SlowFast-LLaVA-1.5: Token-Efficient Video LLMs for Long-Form Understanding
Sources: https://machinelearning.apple.com/research/slowfast-llava, Apple ML Research
TL;DR
- SlowFast-LLaVA-1.5 (SF-LLaVA-1.5) is a family of token-efficient video large language models for long-form video understanding. Apple ML Research
- It integrates the two-stream SlowFast mechanism into a streamlined training pipeline and performs joint video–image training on a data mixture composed only of publicly available datasets. Apple ML Research
- The design targets efficient model scales (1B and 3B) but demonstrates robust performance across 1B–7B, achieving state-of-the-art results on long-form video benchmarks. Apple ML Research
- In addition to SF-LLaVA-1.5, the publication highlights related streaming and multimodal research, including StreamBridge for streaming Video-LLMs and egocentric video QA data generation efforts. Apple ML Research
Context and background
The SlowFast-LLaVA-1.5 family is presented as a token-efficient approach to long-form video understanding. Building on the SlowFast two-stream architecture, the authors integrate a streamlined training pipeline that jointly trains video and image modalities using a carefully curated set of publicly available datasets. This aligns with a broader Apple ML Research push toward efficient, scalable multimodal models that can operate effectively on devices with constrained resources. The reported results show strong performance across a spectrum of tasks and model sizes, from 1B to 7B parameters, including state-of-the-art performance on long-form video benchmarks such as LongVideoBench and MLVU. The work underscores a design philosophy: achieve high accuracy with attention to compute and memory efficiency while remaining accessible via public data.
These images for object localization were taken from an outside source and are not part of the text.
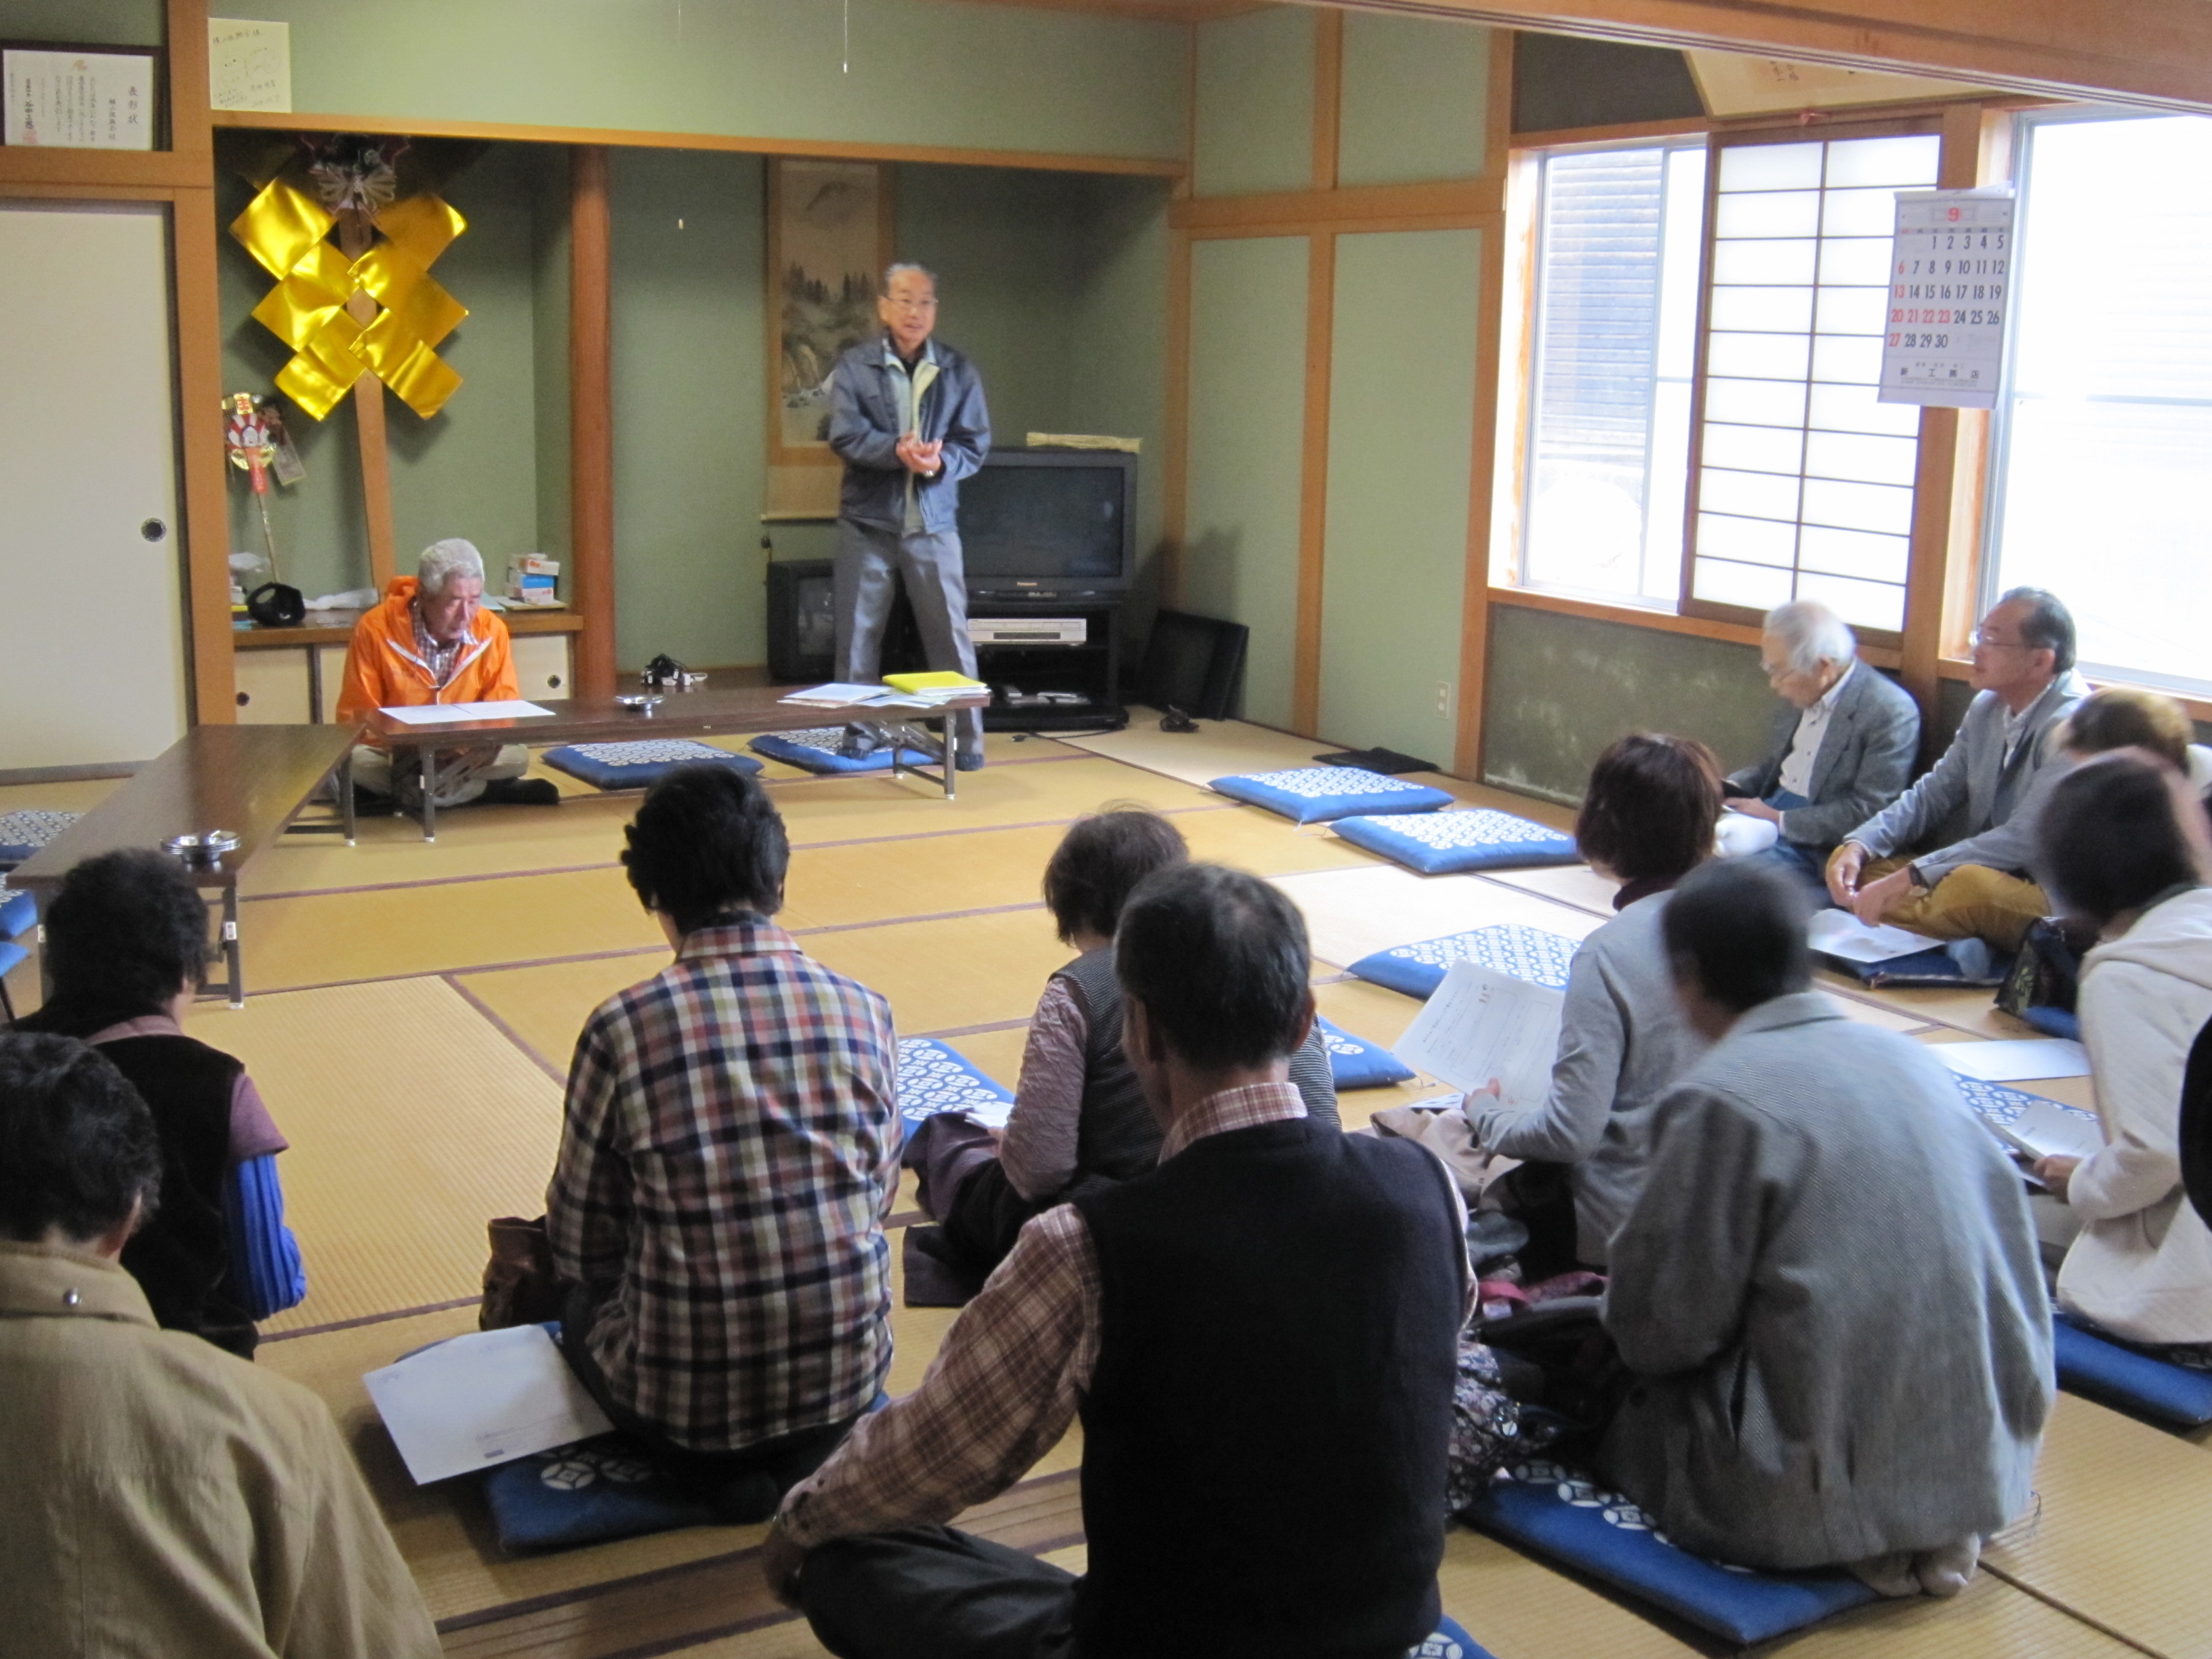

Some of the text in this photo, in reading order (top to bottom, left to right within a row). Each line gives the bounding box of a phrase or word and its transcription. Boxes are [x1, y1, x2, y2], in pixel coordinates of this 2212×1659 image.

[127, 86, 139, 124] 表彰状
[1948, 207, 1961, 222] 9
[1933, 235, 2003, 249] 1 2 3 4 5
[1899, 260, 2004, 274] 6 7 8 9 10 11 12
[1894, 285, 2001, 299] 13 14 15 16 17 18 19
[1891, 309, 1999, 325] 20 21 22 23 24 25 26
[1889, 333, 1948, 348] 27 28 29 30
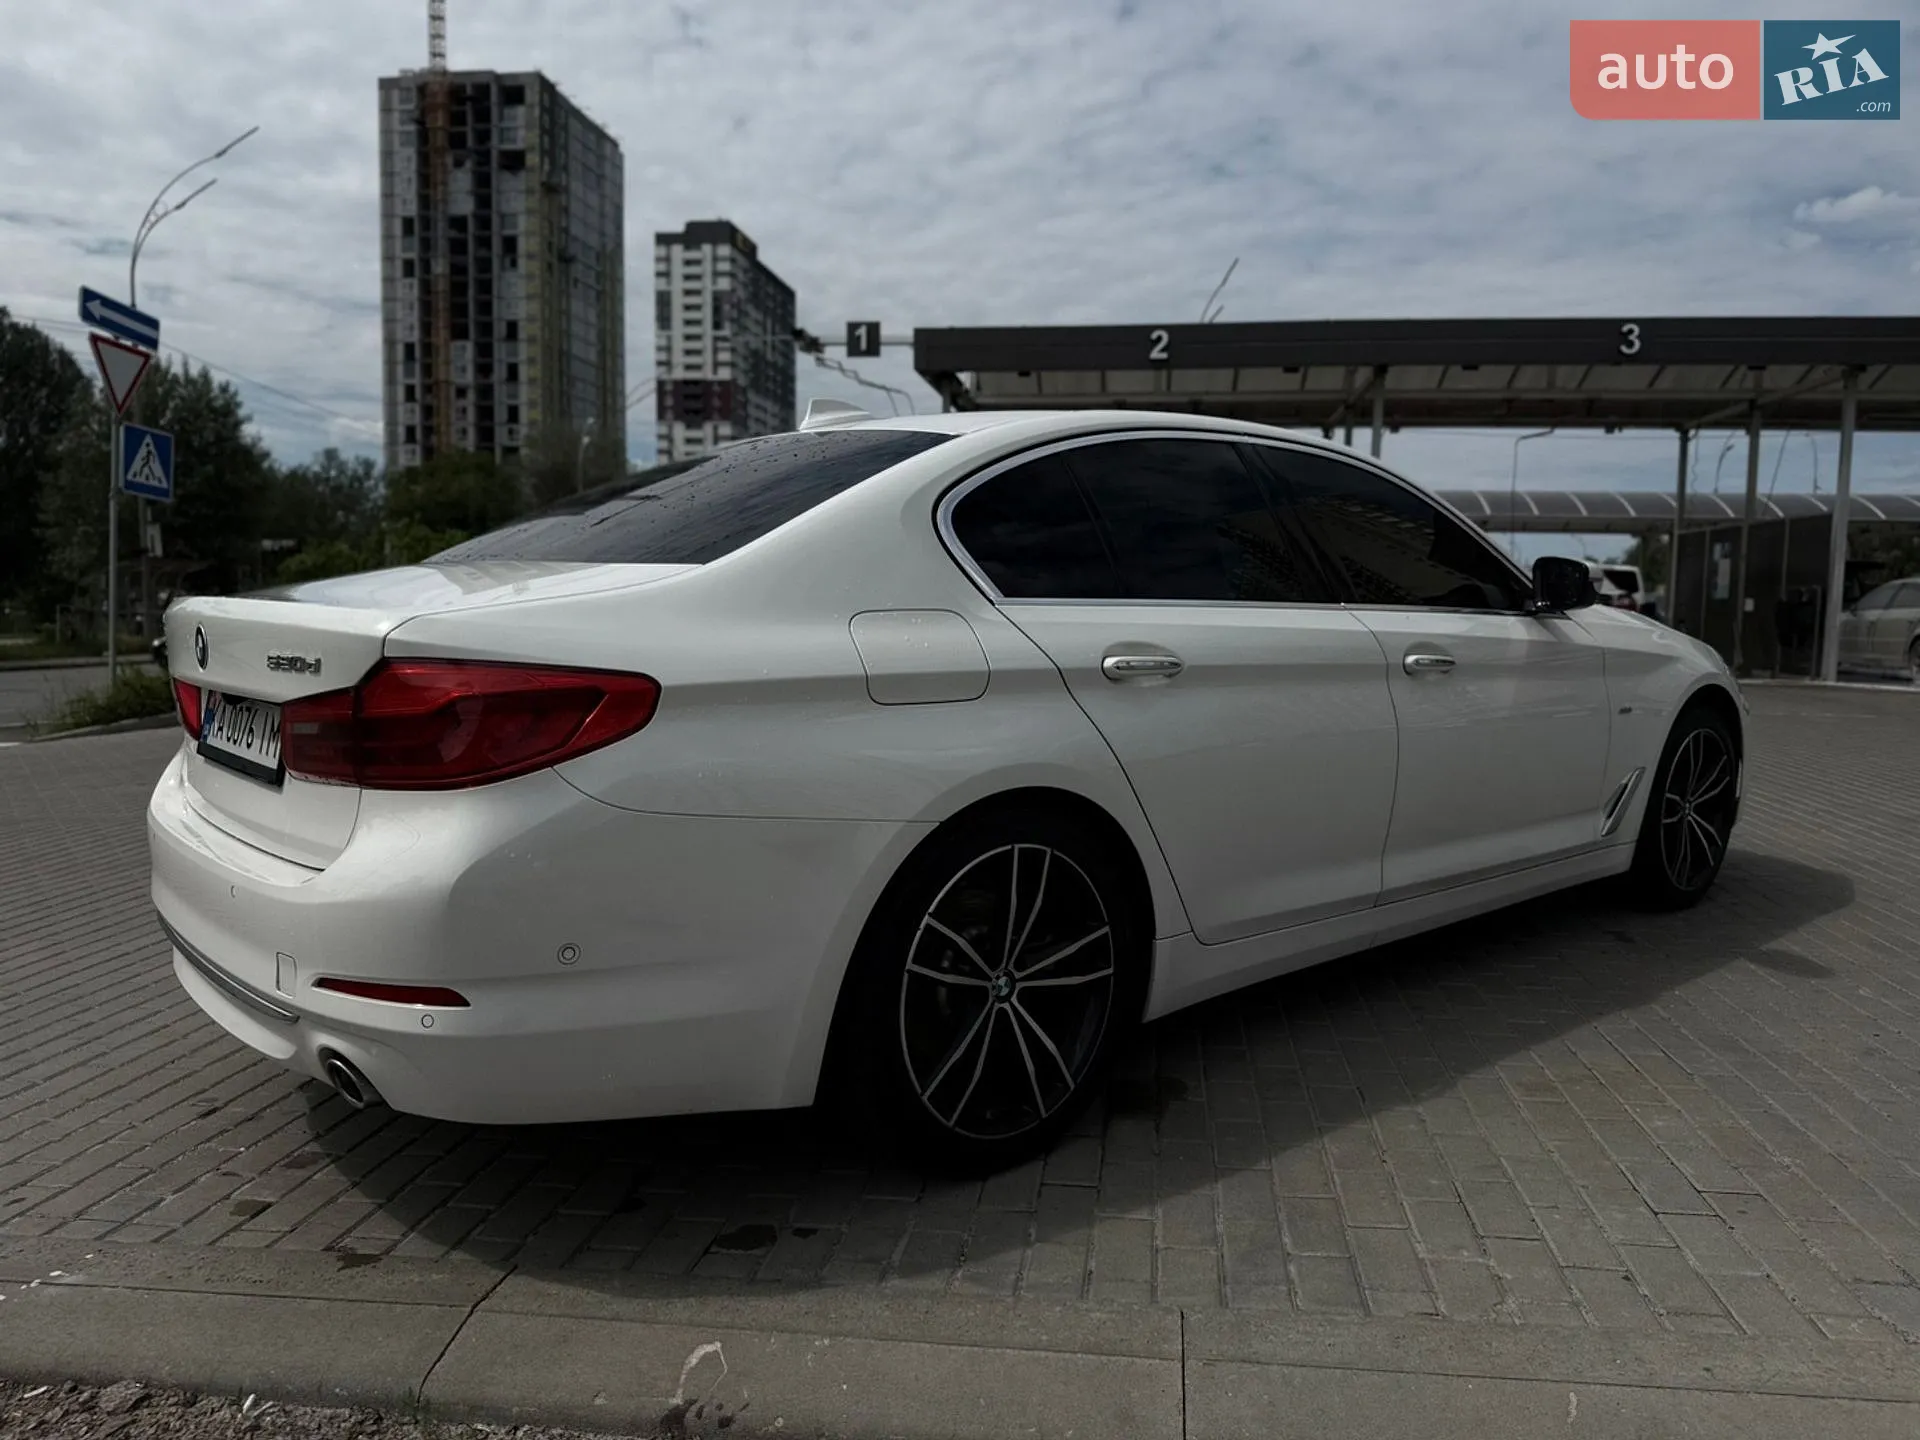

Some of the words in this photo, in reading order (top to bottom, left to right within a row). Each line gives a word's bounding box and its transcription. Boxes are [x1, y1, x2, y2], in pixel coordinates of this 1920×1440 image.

[854, 324, 868, 352] 1
[1150, 329, 1169, 359] 2
[1619, 323, 1642, 354] 3
[226, 704, 260, 749] 0076
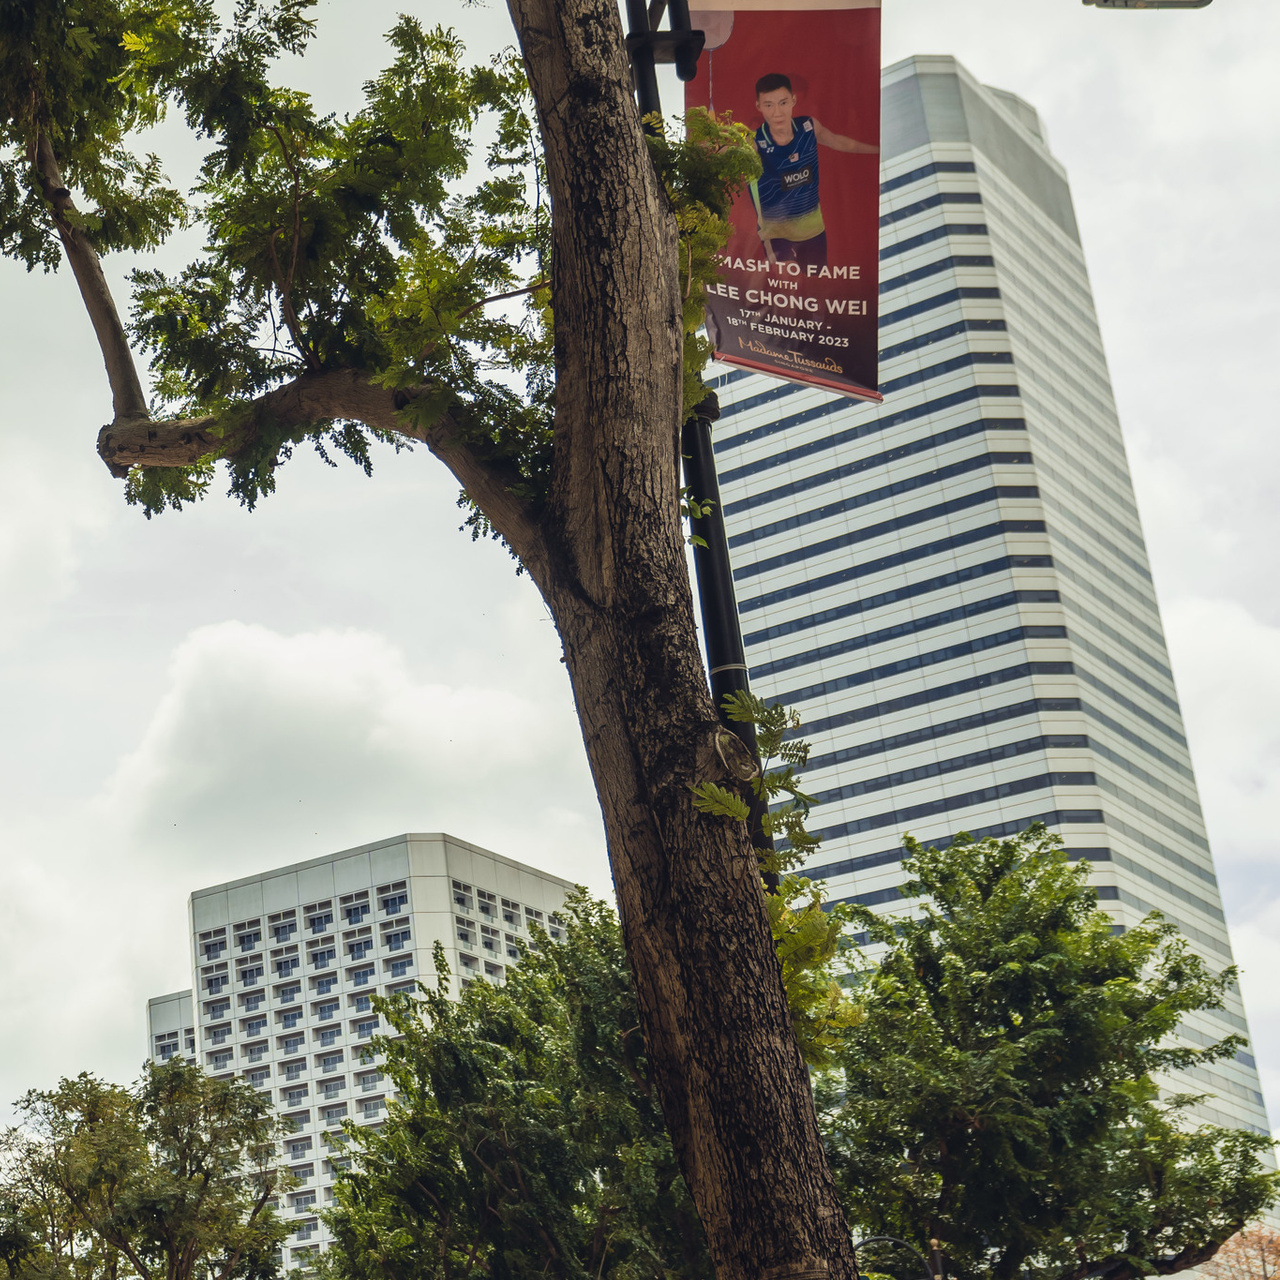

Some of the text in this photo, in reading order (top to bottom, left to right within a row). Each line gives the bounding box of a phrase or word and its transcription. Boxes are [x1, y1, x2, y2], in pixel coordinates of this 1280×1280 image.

The page also references related work on streaming capabilities and multimodal egocentric video understanding, reflecting a broader research agenda around real-time video comprehension and data collection strategies. May 12, 2025; research areas include Computer Vision and Methods and Algorithms. This source also highlights StreamBridge, a framework to convert offline Video-LLMs into streaming-capable models, addressing multi-turn real-time understanding and proactive responses. Apple ML Research
What’s new
- Introduction of SlowFast-LLaVA-1.5 as a family of token-efficient video LLMs focused on long-form video understanding. Apple ML Research
- Incorporation of the two-stream SlowFast mechanism into a streamlined, joint video–image training pipeline. Apple ML Research
- Training uses a data mixture composed exclusively of publicly available datasets, with emphasis on efficient scales (1B and 3B). Apple ML Research
- Demonstrated strong performance across model sizes from 1B to 7B, achieving state-of-the-art results on long-form video benchmarks (LongVideoBench and MLVU) and solid performance on a range of video tasks. Apple ML Research
- The publication also discusses broader multimodal research efforts, including StreamBridge for streaming adaptation of offline Video-LLMs and egocentric QA data generation (Ego4D) as part of related work. Apple ML Research
Why it matters (impact for developers/enterprises)
- Token efficiency and compact model scales (1B–3B being a focus) make high-quality video understanding more accessible for mobile and edge deployments, reducing compute and memory demands without compromising accuracy on long-form content. Apple ML Research
- The demonstrated strength at 1B–7B scales suggests flexible deployment options for a range of applications, from video search and content moderation to interactive assistants that can reason over extended video streams. Apple ML Research
- Streaming adaptations, as highlighted by related work like StreamBridge, point toward practical online inference scenarios where models need to process video streams in real time with memory-efficient mechanisms. Apple ML Research
- The inclusion of publicly available data for training helps address reproducibility and accessibility concerns, enabling researchers and organizations to build and evaluate robust video LLMs without relying on proprietary datasets. Apple ML Research
Technical details or Implementation
SF-LLaVA-1.5 builds on the SlowFast two-stream design, integrating it into a streamlined training workflow that jointly optimizes video and image inputs. A carefully curated mixture of publicly accessible datasets forms the training data, emphasizing token efficiency and scalability. The emphasis on 1B and 3B scales targets mobile-friendly deployment while still delivering state-of-the-art performance on long-form video benchmarks like LongVideoBench and MLVU. The results indicate robust performance across model sizes from 1B to 7B, underscoring the approach’s versatility. In addition to the SF-LLaVA-1.5 work, the source mentions StreamBridge, a framework to transform offline Video-LLMs into streaming-capable models. StreamBridge addresses two core challenges in online scenarios: limited capability for multi-turn real-time understanding and lack of proactive response mechanisms. It uses a memory buffer combined with a round-decayed compression strategy to support streaming inference. This demonstrates Apple’s broader interest in making video LLMs practical for real-time applications in addition to static evaluation benchmarks. The page also notes efforts toward multimodal egocentric video understanding, including generating 7 million QA samples for Ego4D data to support QA data generation. Apple ML Research
Key table: model scales and capabilities
| Model size | Primary goal | Benchmarks noted | Notes |---|---|---|---| | 1B | Mobile-friendly, efficient long-form understanding | LongVideoBench, MLVU | Strong baseline across video tasks |3B | Balanced accuracy and efficiency | LongVideoBench, MLVU | Improved robustness across benchmarks |7B | Full-precision long-form understanding | LongVideoBench, MLVU | Robust performance across tasks |
Key takeaways
- SF-LLaVA-1.5 represents a token-efficient family of video LLMs tailored for long-form understanding, using public data for training.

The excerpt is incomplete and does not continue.